--- Source material Enclosed Below ---

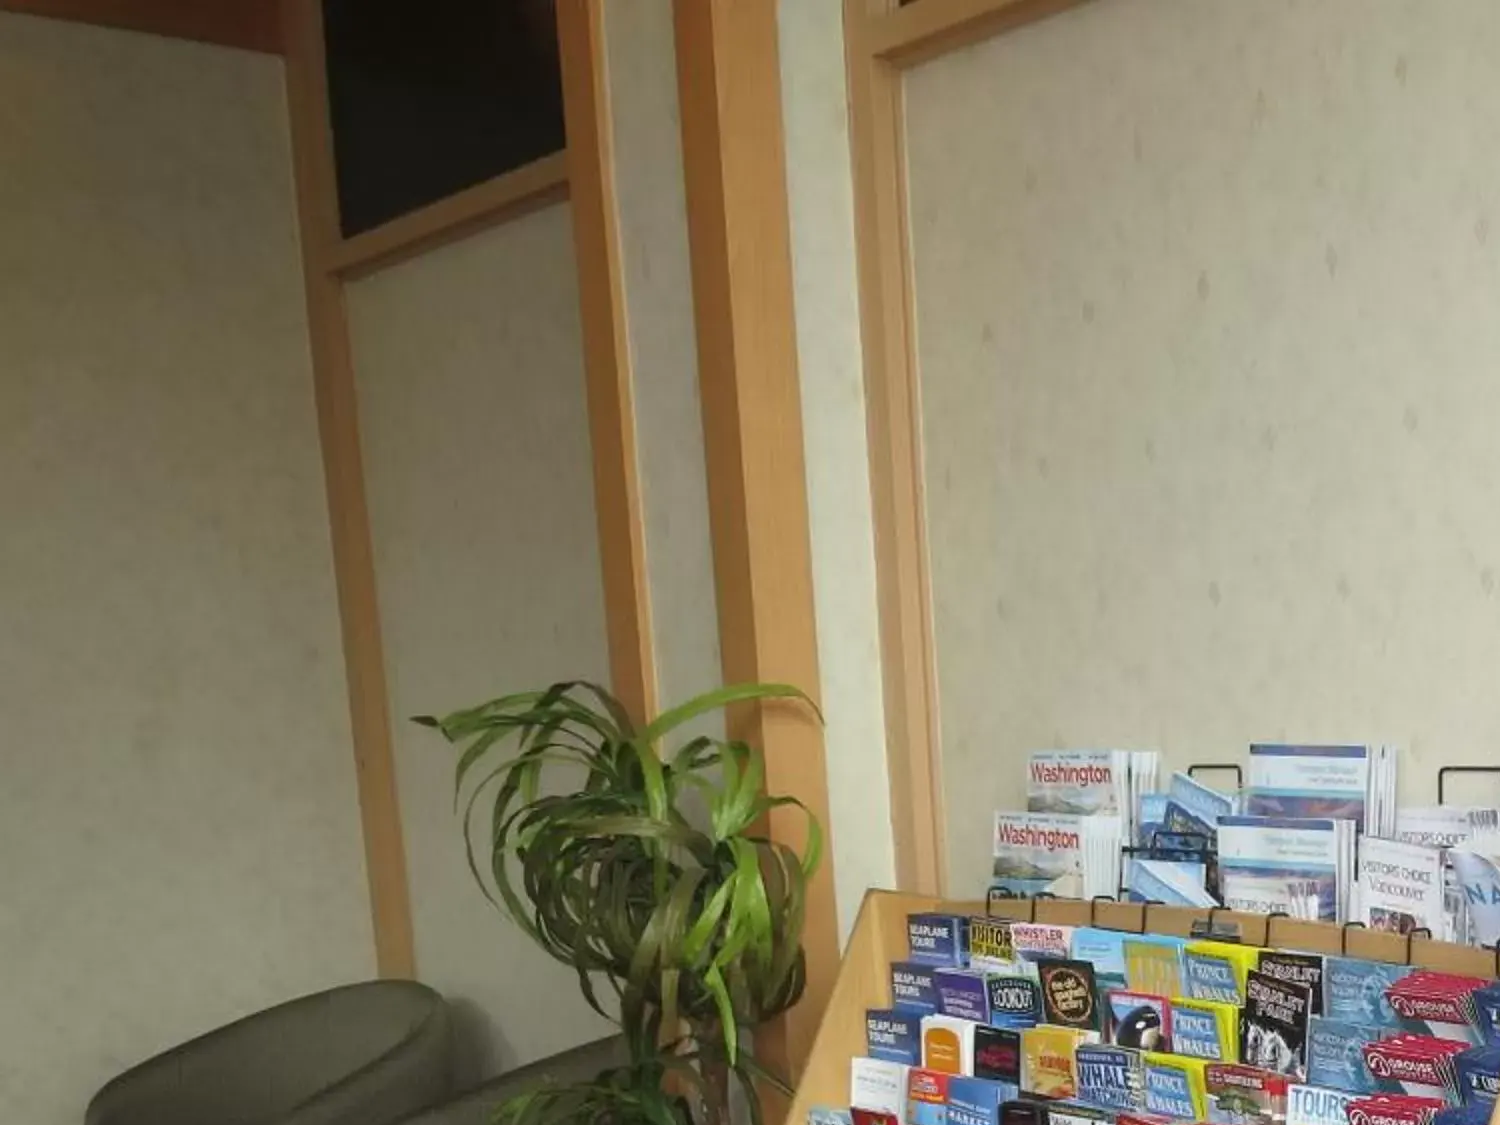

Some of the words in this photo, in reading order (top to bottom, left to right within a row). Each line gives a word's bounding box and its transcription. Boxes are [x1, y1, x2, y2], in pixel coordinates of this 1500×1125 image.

[1030, 762, 1112, 787] Washington
[998, 823, 1080, 850] Washington
[1013, 927, 1064, 941] WHISTLER
[992, 987, 1034, 1012] LOOKOUT
[1079, 1062, 1128, 1088] WHALE
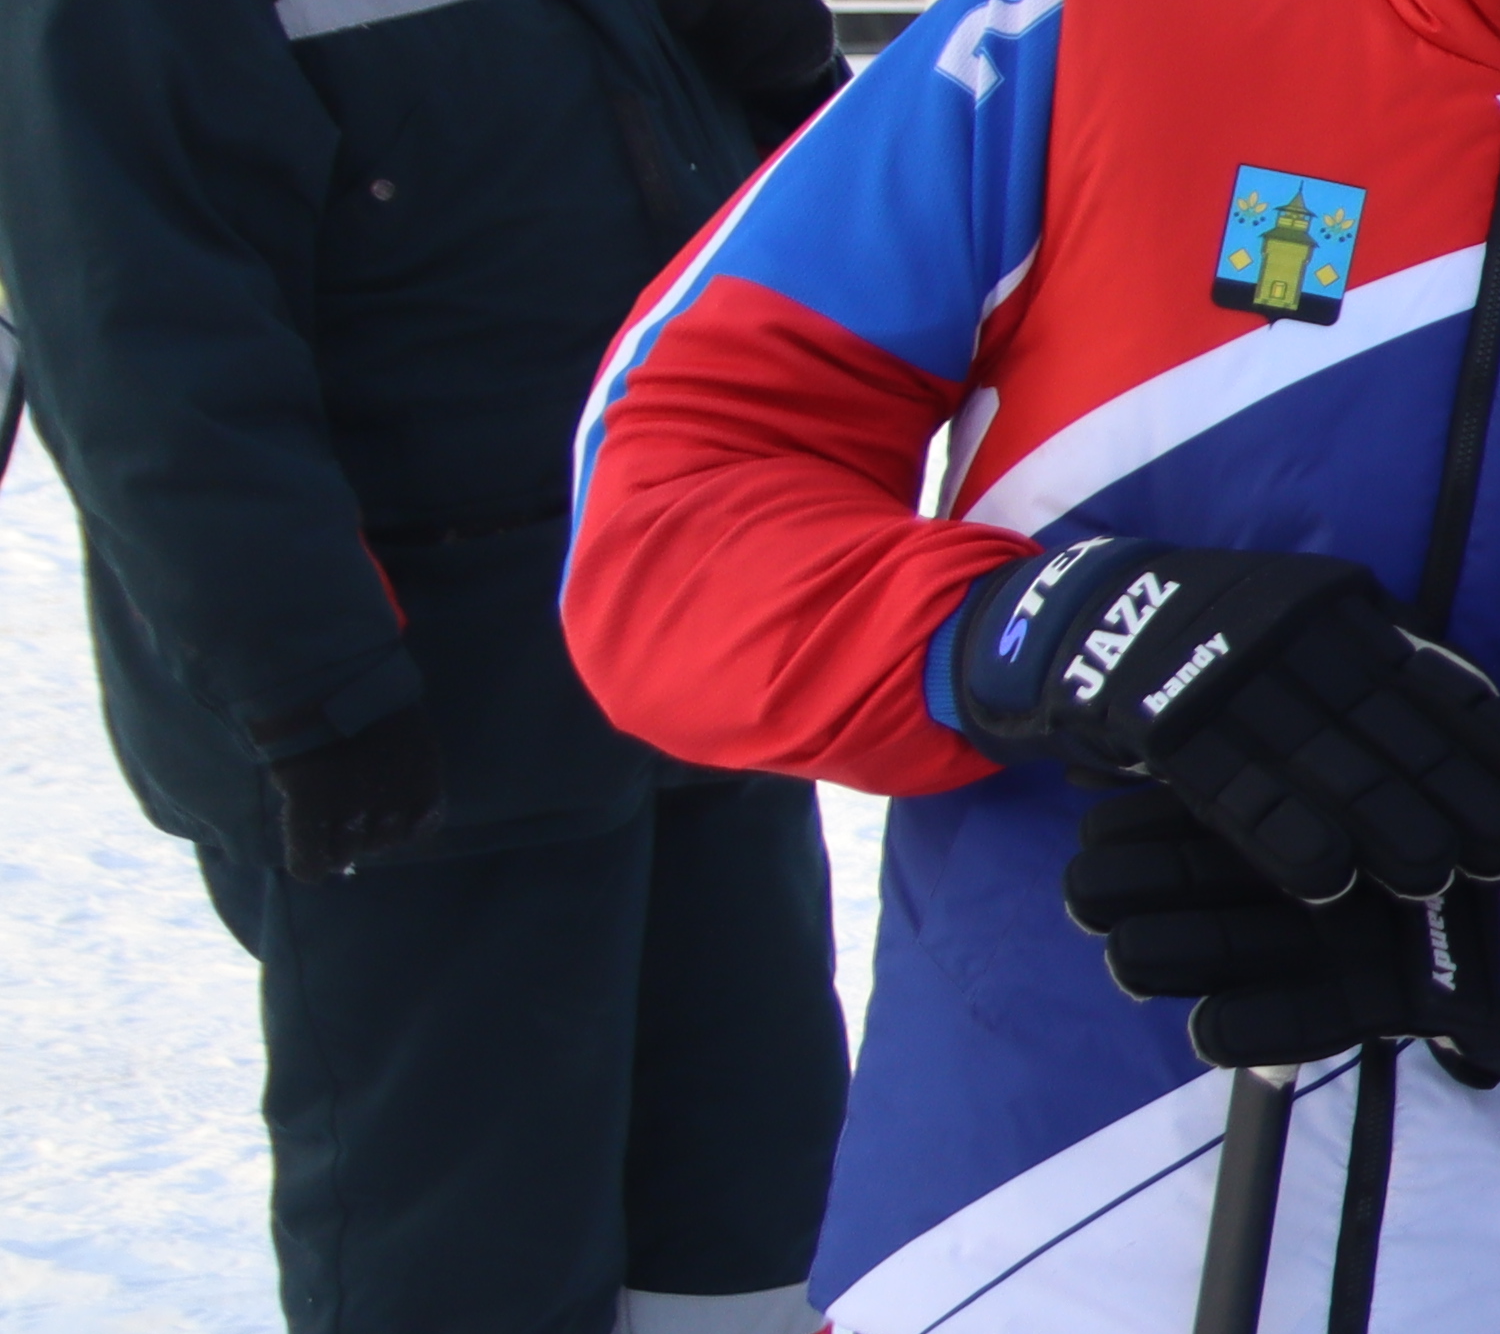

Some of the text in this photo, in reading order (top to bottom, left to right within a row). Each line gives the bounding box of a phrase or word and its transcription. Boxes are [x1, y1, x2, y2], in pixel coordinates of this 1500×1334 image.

[998, 535, 1115, 663] STEX
[1063, 571, 1181, 700] JAZZ
[1142, 632, 1230, 714] bandy
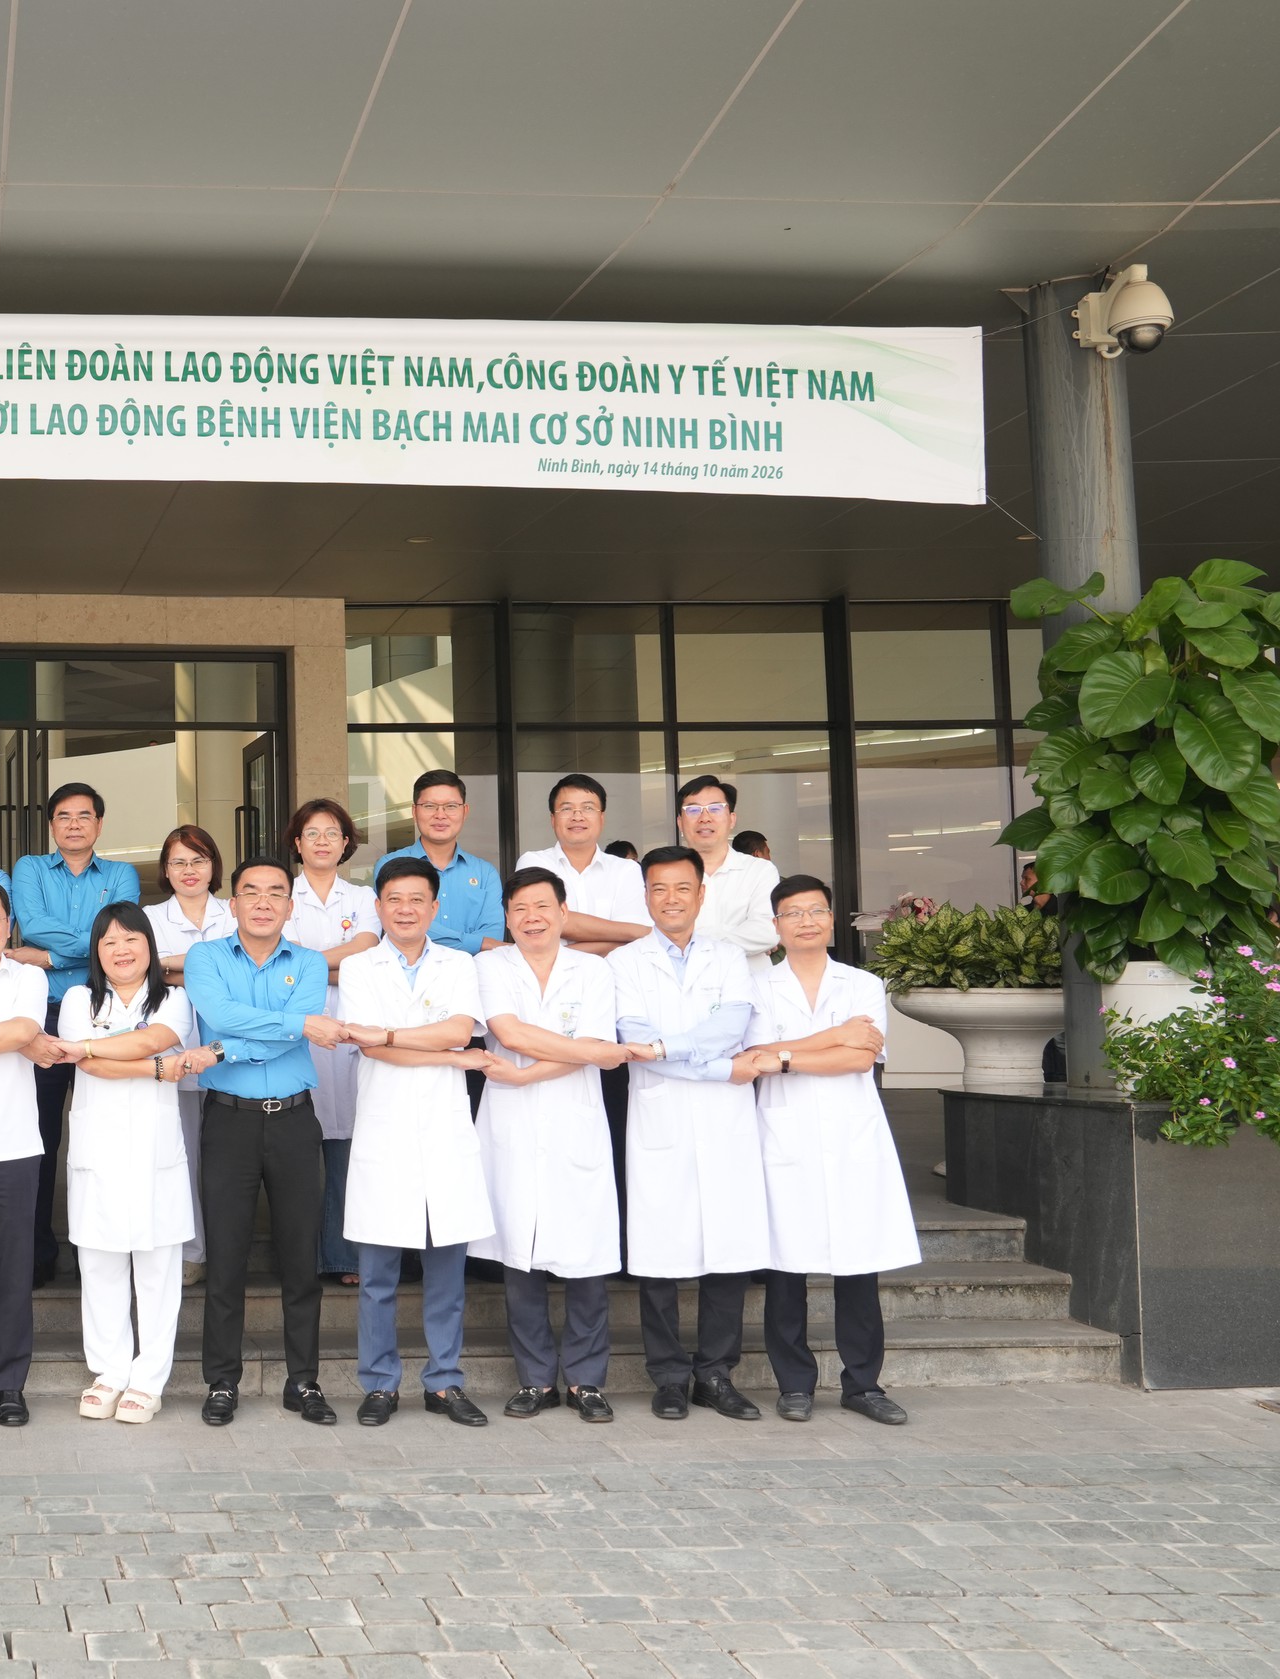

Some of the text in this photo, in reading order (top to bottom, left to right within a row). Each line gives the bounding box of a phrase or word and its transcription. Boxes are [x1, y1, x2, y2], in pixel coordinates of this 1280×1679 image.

--- End of Enclosed Source material ---

# Exercise
Give the data again word for word, without pictures.

# Solution below
Some of the words in this photo, in reading order (top to bottom, left to right within a row). Each line gives a word's bounding box and its transcription. Boxes are [x1, y1, x2, y2], in pixel coordinates of this 1500×1125 image.

[1030, 762, 1112, 787] Washington
[998, 823, 1080, 850] Washington
[1013, 927, 1064, 941] WHISTLER
[992, 987, 1034, 1012] LOOKOUT
[1079, 1062, 1128, 1088] WHALE

Some of the text in this photo, in reading order (top to bottom, left to right within a row). Each line gives the bounding box of a phrase or word and its transcription. Boxes are [x1, y1, x2, y2], in pixel coordinates of this 1500×1334 image.

[998, 535, 1115, 663] STEX
[1063, 571, 1181, 700] JAZZ
[1142, 632, 1230, 714] bandy

Some of the text in this photo, in reading order (top to bottom, left to right within a row). Each line gives the bounding box of a phrase or word and its transcription. Boxes are [x1, y1, x2, y2], in pixel coordinates of this 1280×1679 image.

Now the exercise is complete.